(Dataset entries)
★ ★ ★ ★

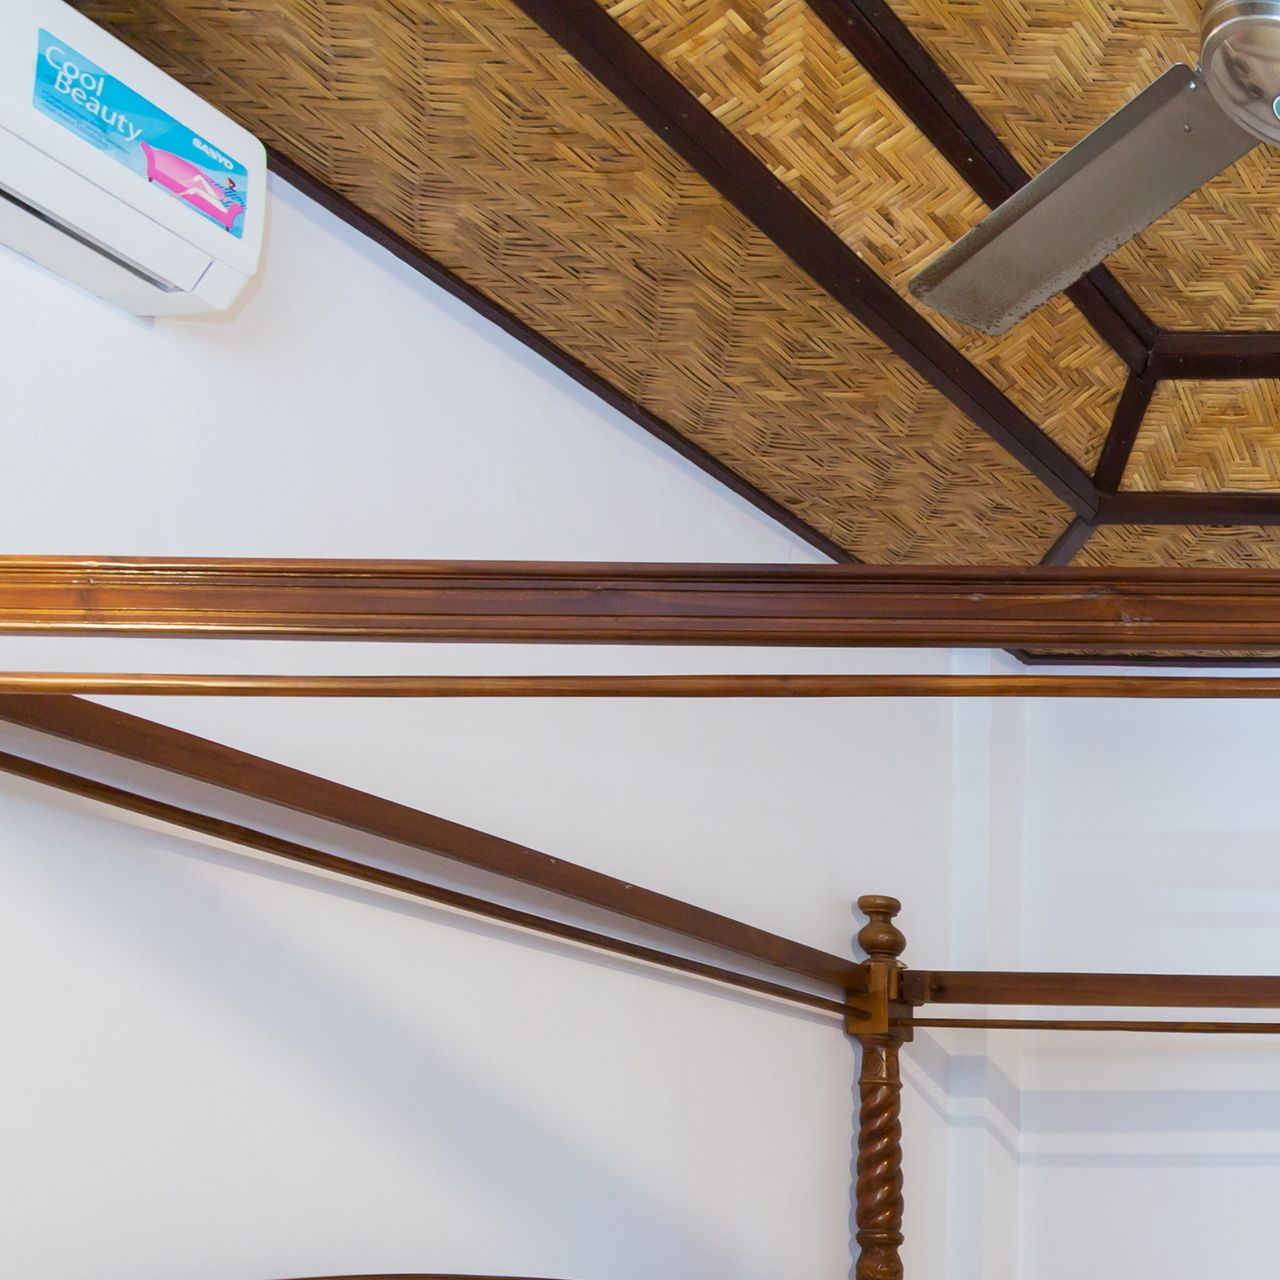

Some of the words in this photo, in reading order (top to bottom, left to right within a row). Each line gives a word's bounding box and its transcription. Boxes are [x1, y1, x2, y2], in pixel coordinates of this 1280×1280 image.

[46, 46, 105, 96] Cool
[54, 71, 143, 142] Beauty
[192, 137, 234, 170] SANYO
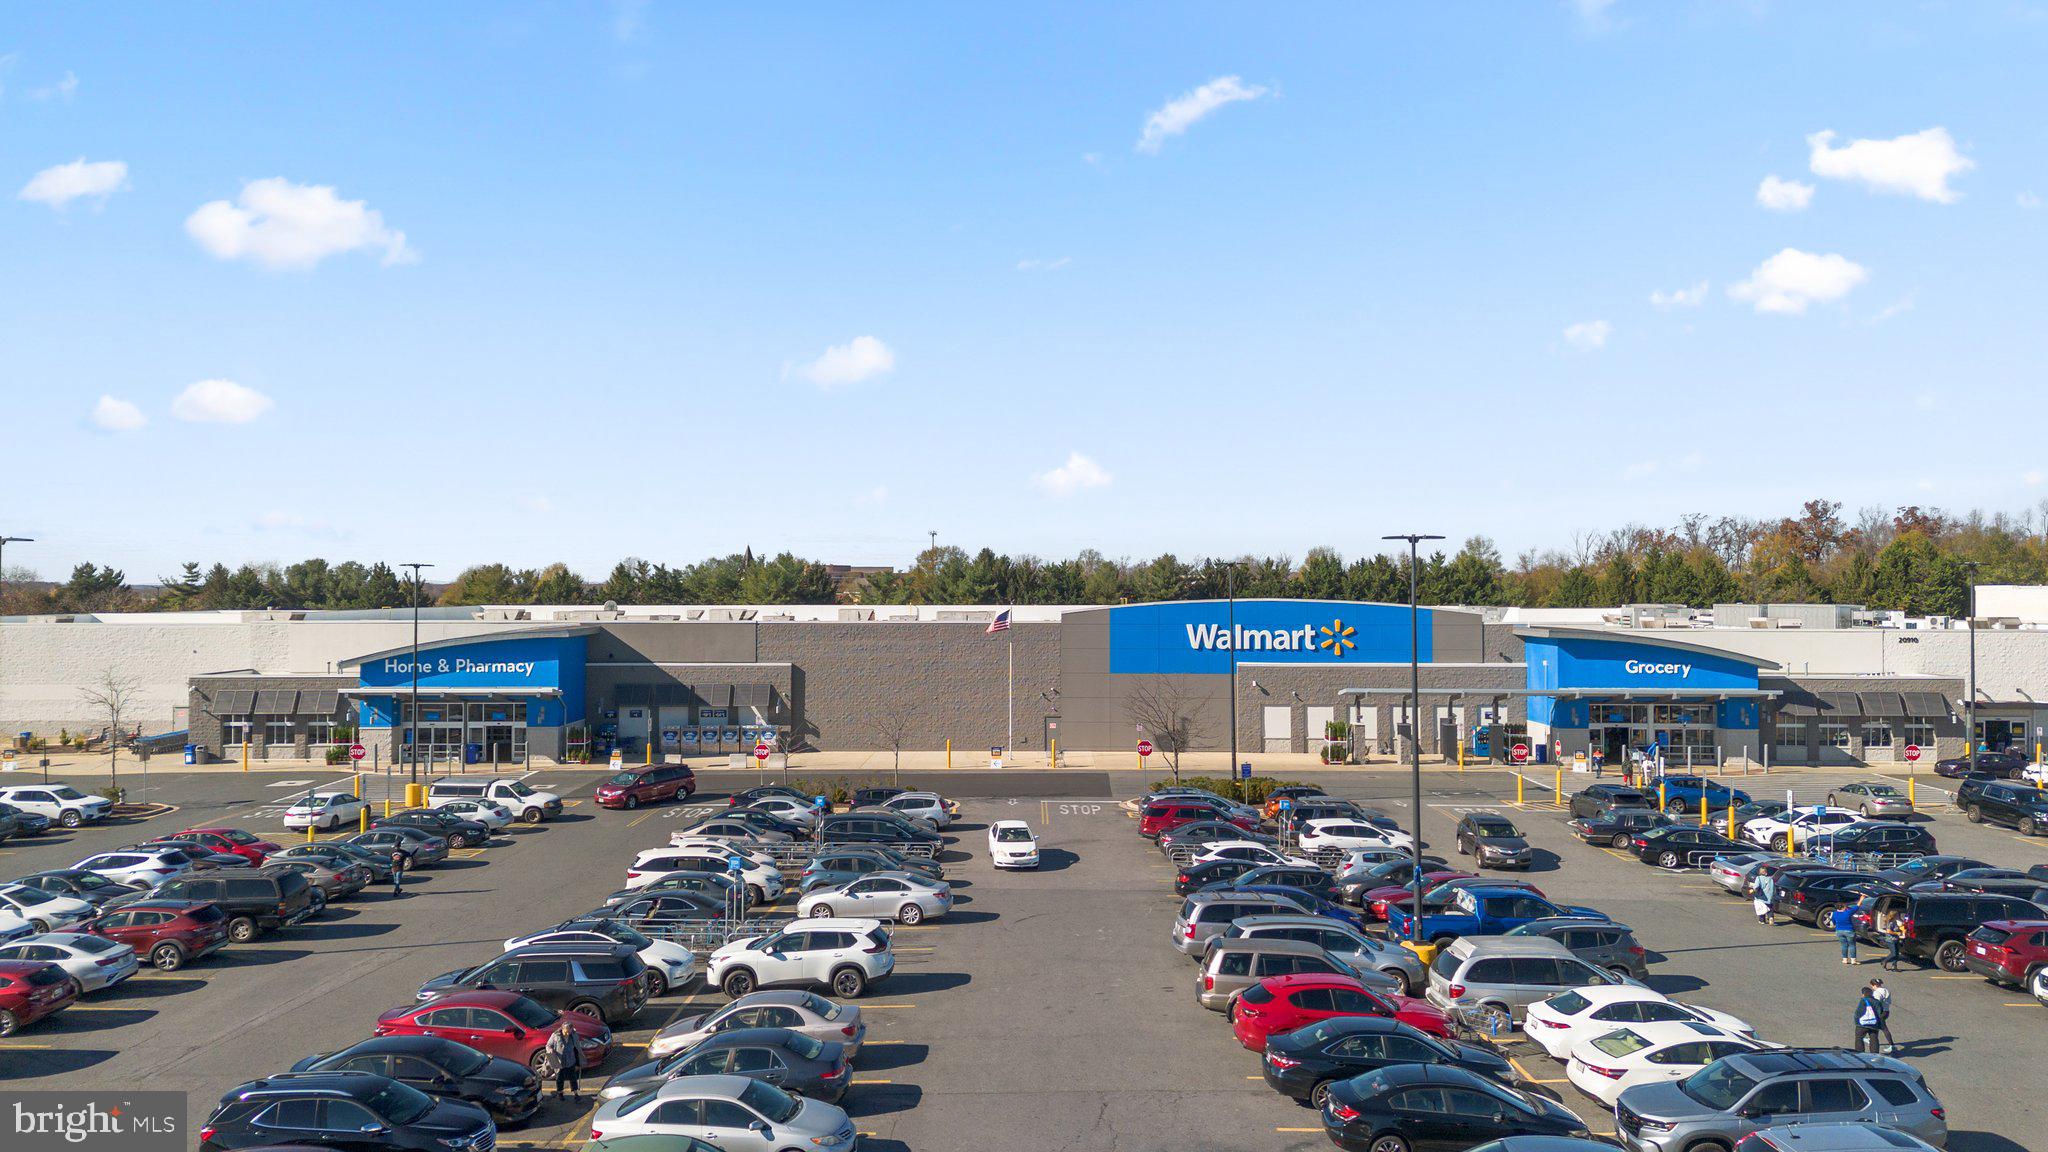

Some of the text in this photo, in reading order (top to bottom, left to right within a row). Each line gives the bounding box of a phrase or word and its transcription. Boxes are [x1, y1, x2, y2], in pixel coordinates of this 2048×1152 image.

[1186, 624, 1316, 650] Walmart
[385, 658, 535, 677] Home & Pharmacy
[1625, 660, 1692, 679] Grocery
[350, 748, 365, 756] STOP
[755, 748, 769, 756] STOP
[1905, 749, 1920, 757] STOP
[662, 807, 714, 818] STOP
[1060, 804, 1101, 815] STOP

★ ★ ★ ★

• **How to complete this task**:
Reproduce every entry exactly, but omit each picture.

• **Response**:
Some of the words in this photo, in reading order (top to bottom, left to right within a row). Each line gives a word's bounding box and its transcription. Boxes are [x1, y1, x2, y2], in pixel coordinates of this 1280×1280 image.

[46, 46, 105, 96] Cool
[54, 71, 143, 142] Beauty
[192, 137, 234, 170] SANYO

Some of the text in this photo, in reading order (top to bottom, left to right within a row). Each line gives the bounding box of a phrase or word and its transcription. Boxes are [x1, y1, x2, y2], in pixel coordinates of this 2048×1152 image.

[1186, 624, 1316, 650] Walmart
[385, 658, 535, 677] Home & Pharmacy
[1625, 660, 1692, 679] Grocery
[350, 748, 365, 756] STOP
[755, 748, 769, 756] STOP
[1905, 749, 1920, 757] STOP
[662, 807, 714, 818] STOP
[1060, 804, 1101, 815] STOP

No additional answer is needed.